Without including any pictures, write out the listing below exactly.
═════ Records for the exercise ═════
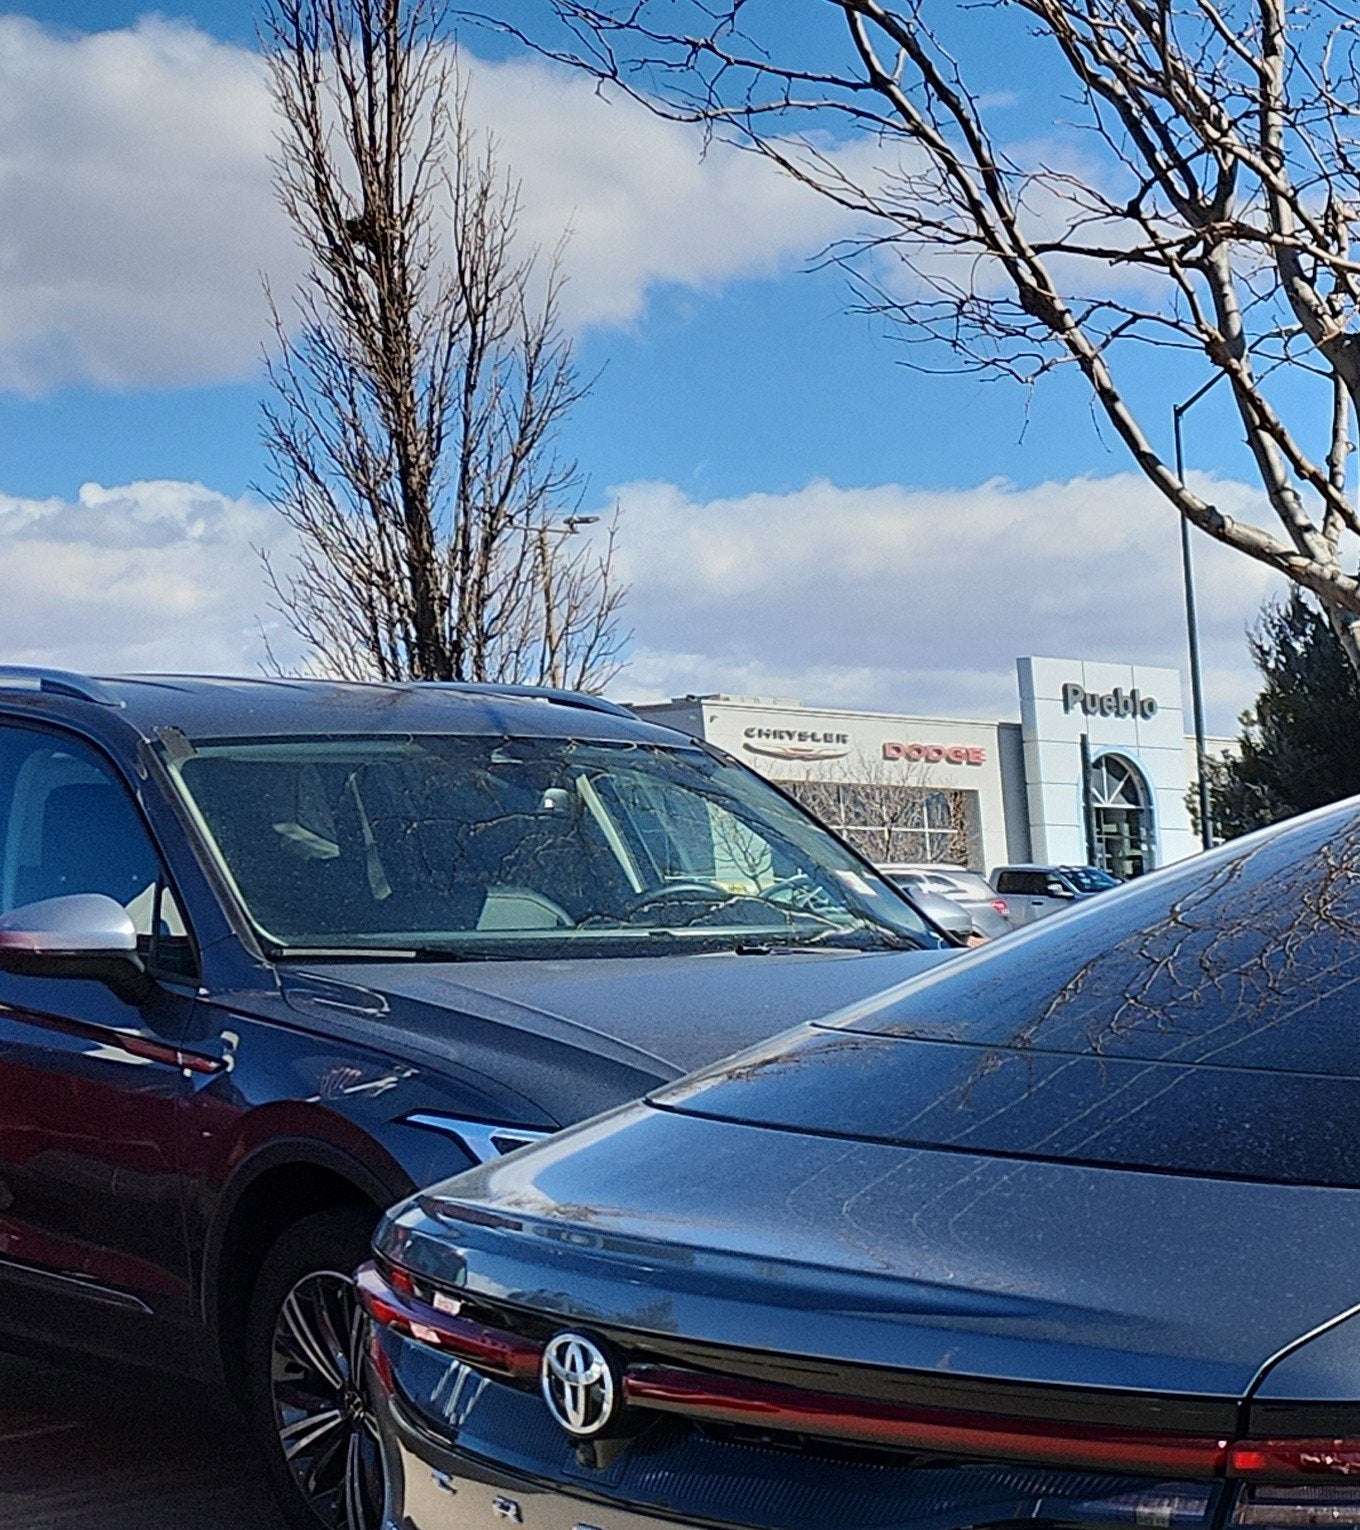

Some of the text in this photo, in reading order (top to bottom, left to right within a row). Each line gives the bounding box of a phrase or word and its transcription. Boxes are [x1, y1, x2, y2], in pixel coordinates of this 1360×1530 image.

[1062, 682, 1158, 720] Pueblo
[743, 727, 850, 745] CHRYSLER
[881, 742, 988, 765] DODGE
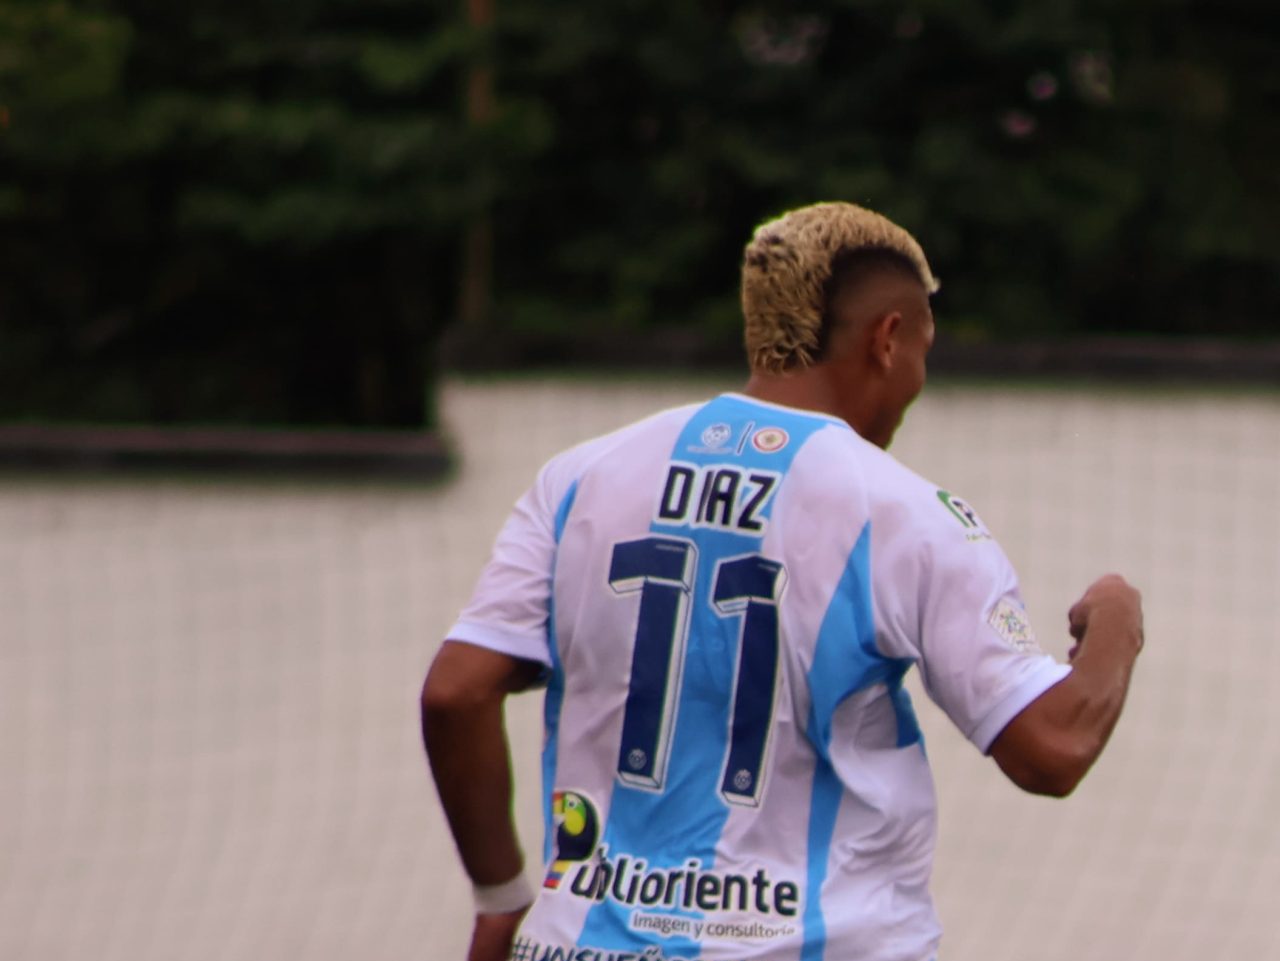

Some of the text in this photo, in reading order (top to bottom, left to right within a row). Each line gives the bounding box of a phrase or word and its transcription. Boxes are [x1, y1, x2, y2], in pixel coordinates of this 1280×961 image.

[658, 465, 776, 531] DIAZ
[609, 537, 787, 808] 11
[633, 912, 690, 935] imagen
[693, 923, 704, 938] y
═════
Answer for this exercise
Some of the text in this photo, in reading order (top to bottom, left to right within a row). Each line gives the bounding box of a phrase or word and its transcription. Boxes are [x1, y1, x2, y2], in pixel coordinates of this 1360×1530 image.

[1062, 682, 1158, 720] Pueblo
[743, 727, 850, 745] CHRYSLER
[881, 742, 988, 765] DODGE

Some of the text in this photo, in reading order (top to bottom, left to right within a row). Each line gives the bounding box of a phrase or word and its transcription. Boxes are [x1, y1, x2, y2], in pixel coordinates of this 1280×961 image.

[658, 465, 776, 531] DIAZ
[609, 537, 787, 808] 11
[633, 912, 690, 935] imagen
[693, 923, 704, 938] y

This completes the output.